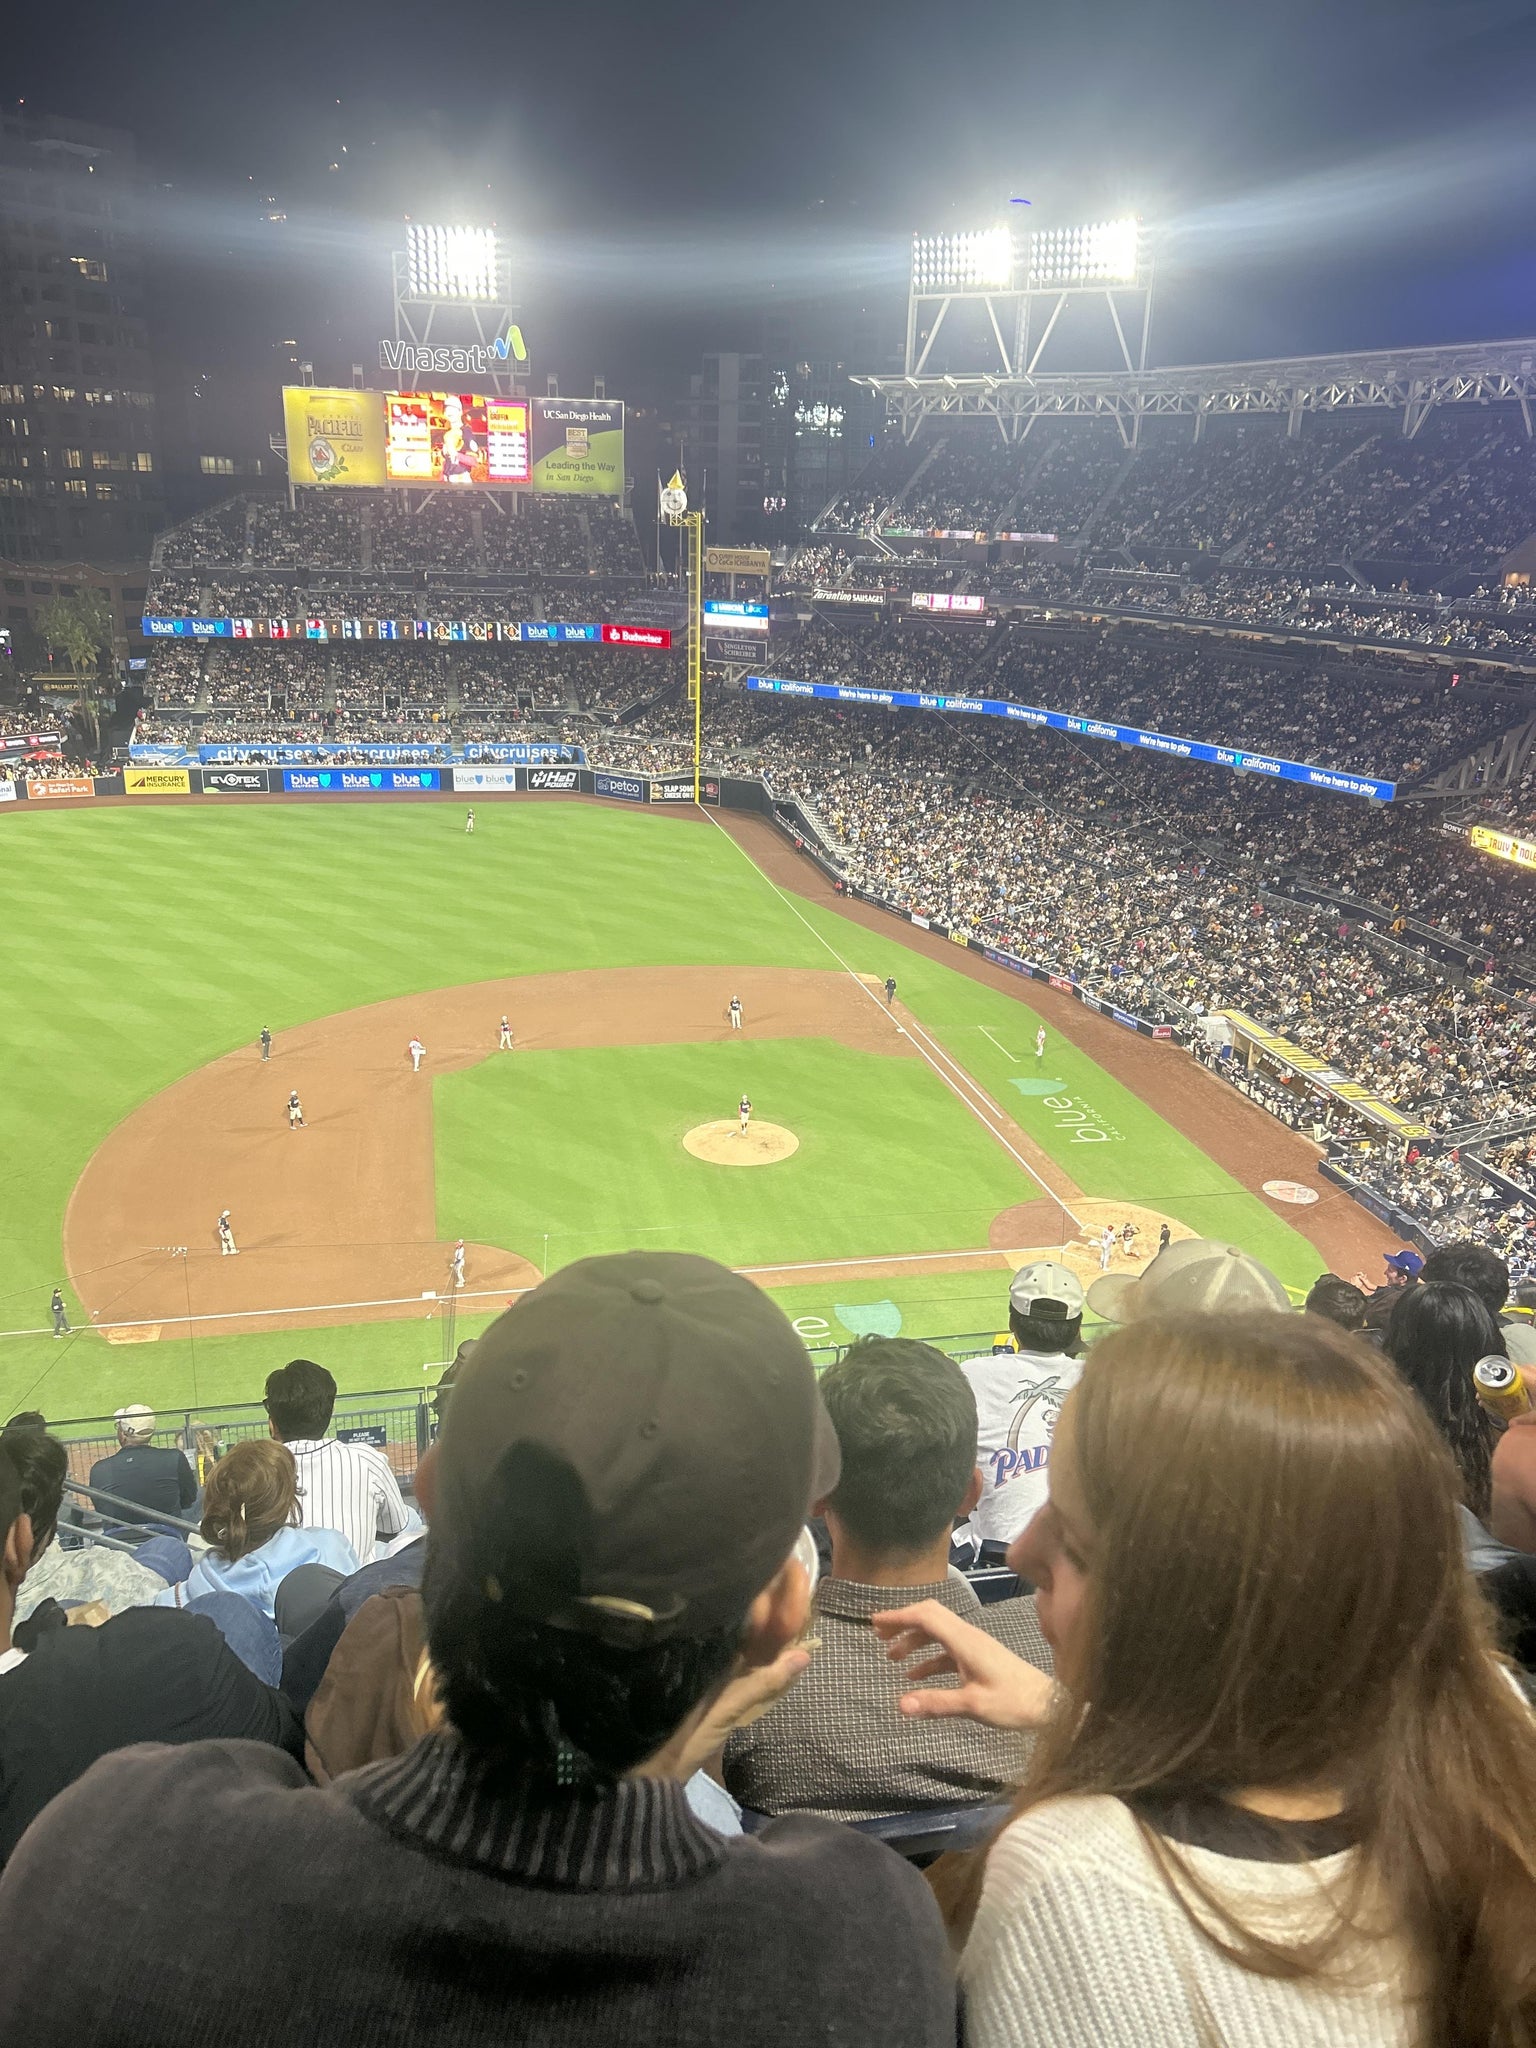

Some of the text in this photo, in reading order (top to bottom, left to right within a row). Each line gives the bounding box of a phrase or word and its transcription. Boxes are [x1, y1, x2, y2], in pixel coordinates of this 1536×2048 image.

[383, 340, 487, 374] Viasat
[543, 410, 611, 422] UC San Diego Health
[545, 461, 616, 473] Leading the Way
[546, 473, 594, 484] in San Diego
[852, 593, 884, 604] SAUSAGES
[151, 620, 174, 631] blue
[192, 621, 215, 632] blue
[527, 626, 549, 636] blue
[565, 627, 586, 637] blue
[622, 631, 663, 644] Budweiser
[724, 642, 757, 651] SINGLETON
[758, 680, 814, 694] blue california
[879, 695, 894, 704] play
[920, 696, 983, 711] blue california
[1067, 719, 1117, 738] blue california
[1156, 739, 1170, 750] here
[1177, 744, 1192, 756] play
[1216, 750, 1281, 774] blue california
[290, 773, 319, 786] blue
[342, 773, 370, 786] blue
[392, 773, 420, 786] blue
[455, 775, 475, 784] blue
[485, 775, 505, 784] blue
[1310, 771, 1378, 797] We're here to play
[610, 780, 640, 793] petco
[663, 785, 679, 793] SLAP
[1042, 1096, 1112, 1143] blue
[1073, 1096, 1126, 1141] CALIFORNIA

> **TASK BRIEF**
The material above is to be repeated word for word, with no images kept.

> **RESPONSE TO THE EXERCISE**
Some of the text in this photo, in reading order (top to bottom, left to right within a row). Each line gives the bounding box of a phrase or word and its transcription. Boxes are [x1, y1, x2, y2], in pixel coordinates of this 1536×2048 image.

[383, 340, 487, 374] Viasat
[543, 410, 611, 422] UC San Diego Health
[545, 461, 616, 473] Leading the Way
[546, 473, 594, 484] in San Diego
[852, 593, 884, 604] SAUSAGES
[151, 620, 174, 631] blue
[192, 621, 215, 632] blue
[527, 626, 549, 636] blue
[565, 627, 586, 637] blue
[622, 631, 663, 644] Budweiser
[724, 642, 757, 651] SINGLETON
[758, 680, 814, 694] blue california
[879, 695, 894, 704] play
[920, 696, 983, 711] blue california
[1067, 719, 1117, 738] blue california
[1156, 739, 1170, 750] here
[1177, 744, 1192, 756] play
[1216, 750, 1281, 774] blue california
[290, 773, 319, 786] blue
[342, 773, 370, 786] blue
[392, 773, 420, 786] blue
[455, 775, 475, 784] blue
[485, 775, 505, 784] blue
[1310, 771, 1378, 797] We're here to play
[610, 780, 640, 793] petco
[663, 785, 679, 793] SLAP
[1042, 1096, 1112, 1143] blue
[1073, 1096, 1126, 1141] CALIFORNIA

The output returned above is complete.